This phrase has been referred to frequently in subsequent literature. Nathaniel Hawthorne's tale The Celestial Railroad is a satirical contrast between Bunyan's The Pilgrim's Progress and Hawthorne's perception of the current state of society. In Emily Brontë's Wuthering Heights the character Mr. Heathcliff likens his son's state of melancholy to having been dropped "into a Slough of Despond". In George Gissing's New Grub Street, Milvain expresses concern for his friend Reardon's mental health, "His friends should exert themselves to raise him out of this fearful slough of despond". Friedrich Engels in his preface of 1886 to the English edition of Das Kapital, Volume I wrote "The decennial cycle of stagnation, prosperity, over-production and crisis, ..., seems indeed to have run its course; but only to land us in the slough of despond of a permanent and chronic depression." In Horatio Hornblower: The Even Chance, by C. S. Forester, Midshipman Archie Kennedy describes Hornblower's new home as "His Majesty's ship of the line Justinian, known elsewise among her intimates as the good ship Slough of Despond." In Mary McCarthy's novel The Group (1954), "Kay saw that [her husband, Harald] was sinking into a Slough of Despond (as they termed his sudden, Scandinavian fits of depression)".

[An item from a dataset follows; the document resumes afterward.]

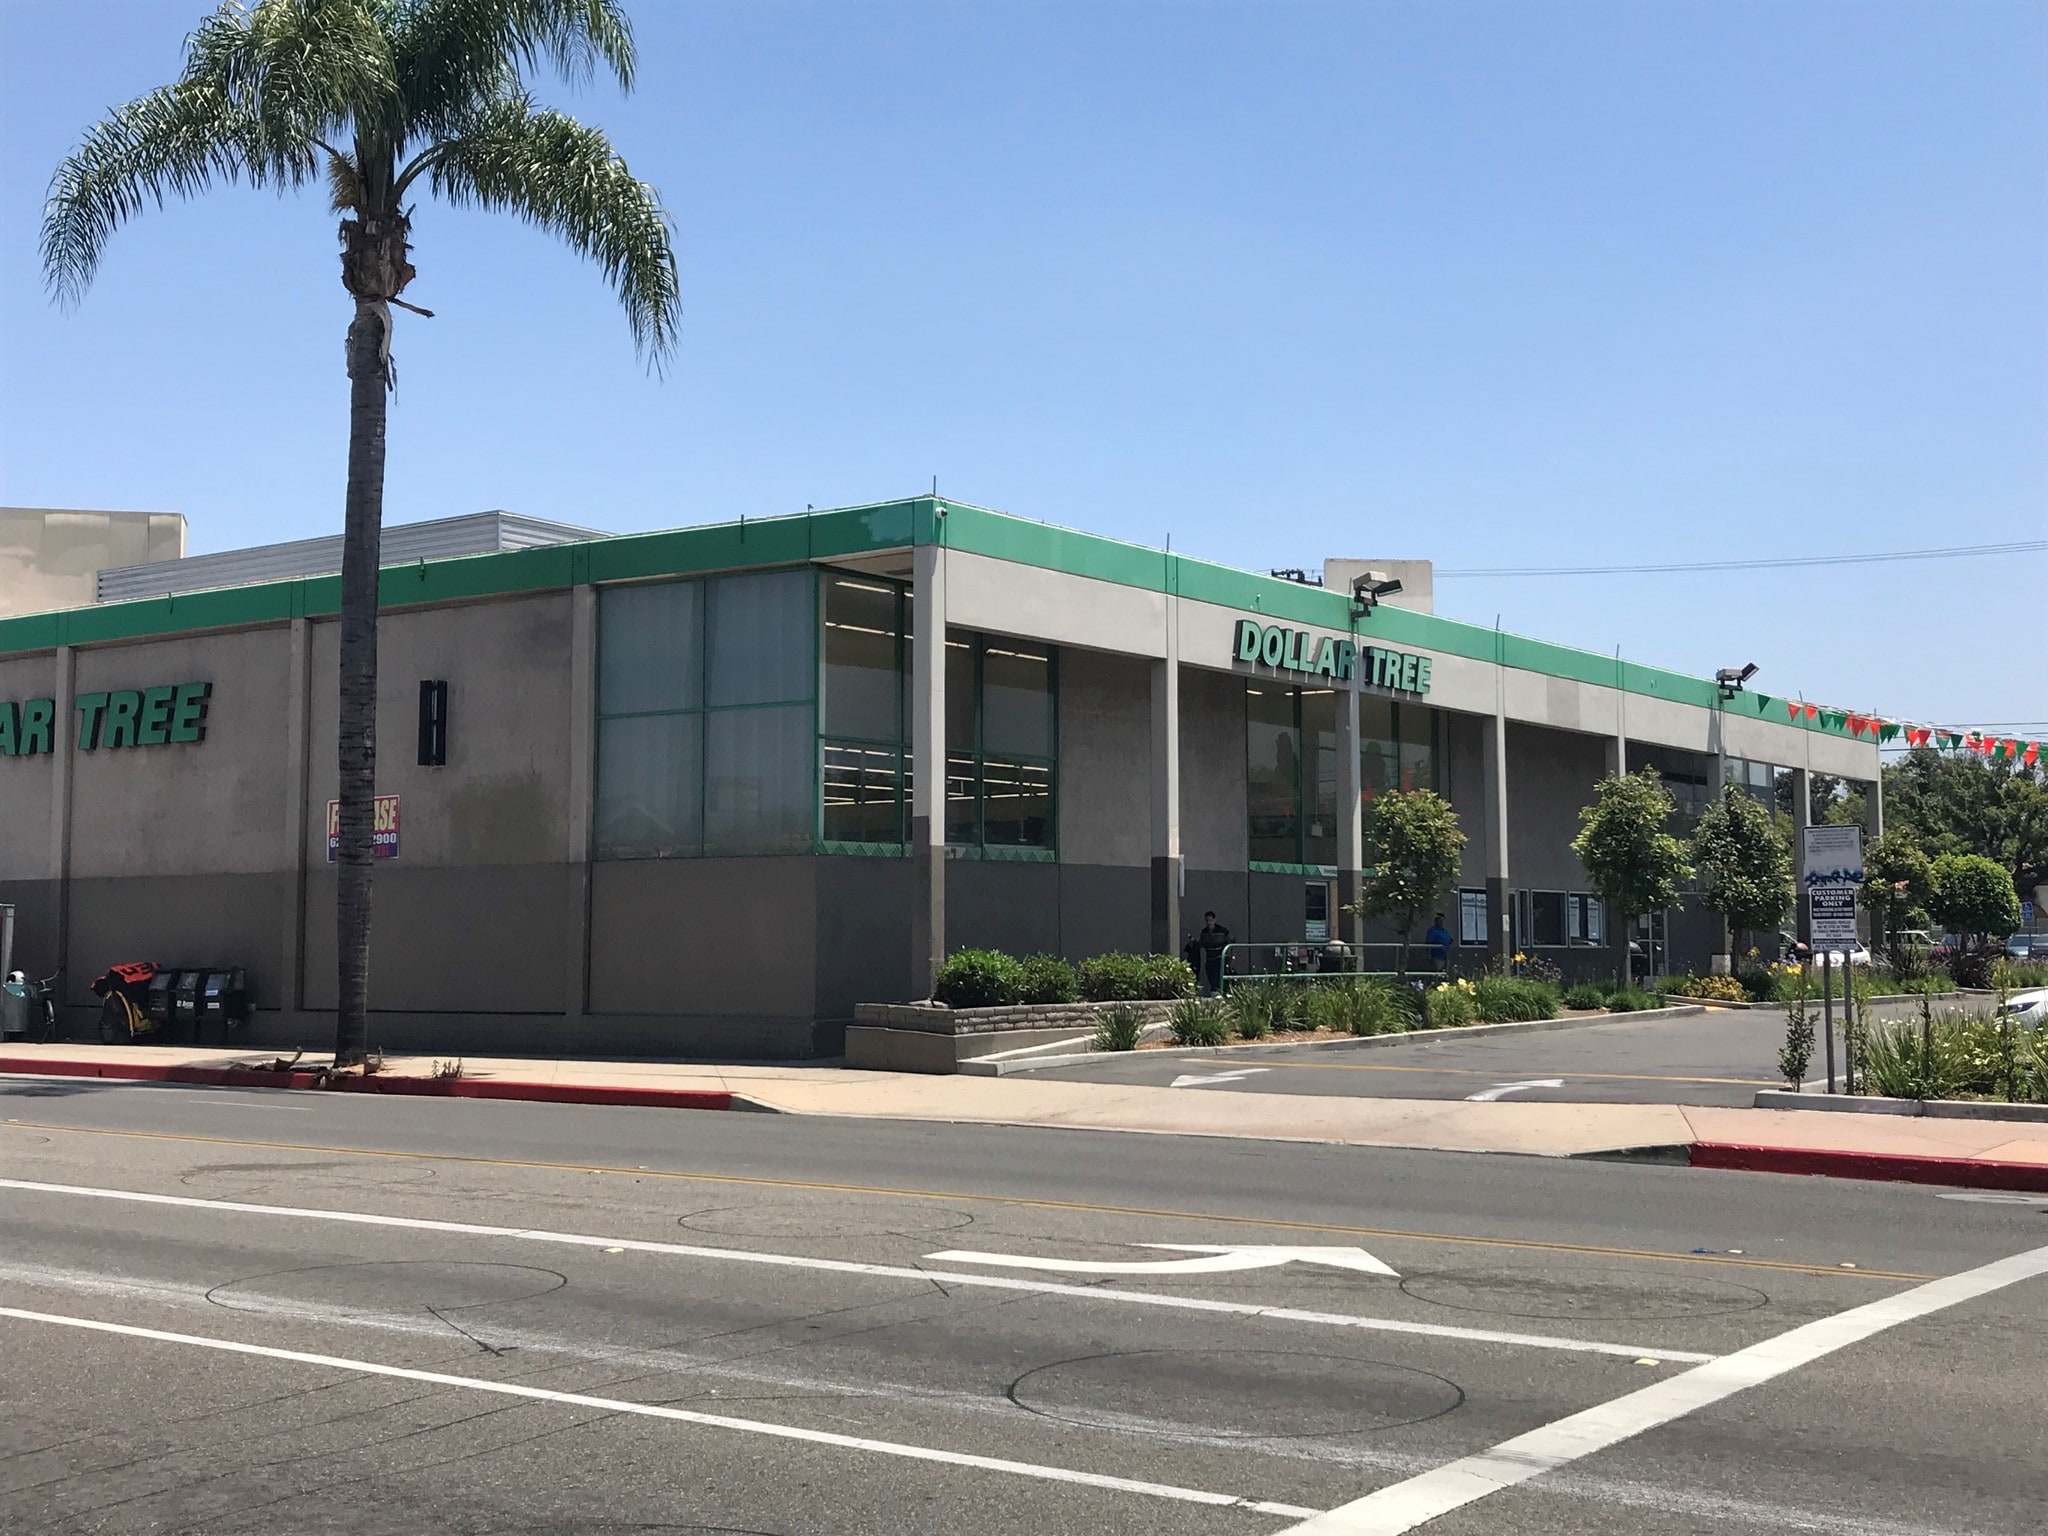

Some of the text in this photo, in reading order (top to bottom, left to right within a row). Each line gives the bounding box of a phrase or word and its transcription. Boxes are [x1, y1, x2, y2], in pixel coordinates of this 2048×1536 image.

[1236, 619, 1432, 695] DOLLAR TREE
[75, 682, 213, 751] TREE

In Michael Ende's novel The Neverending Story (1979) there's a place in Fantastica called The Swamps of Sadness. It's a desolate marshland filled with muddy pits resembling quicksand. If one falls into despair while there, they sink deeper into sadness until they are overwhelmed and drowned by it.

In J.D. Peabody's children's fantasy novel, Operation Bungaree (2024) there is a chapter entitled "A Slog through a Bog." The protagonist, Everett Drake, finds himself mired in a substance called Inkanto while he wrestles with doubts and discouragement.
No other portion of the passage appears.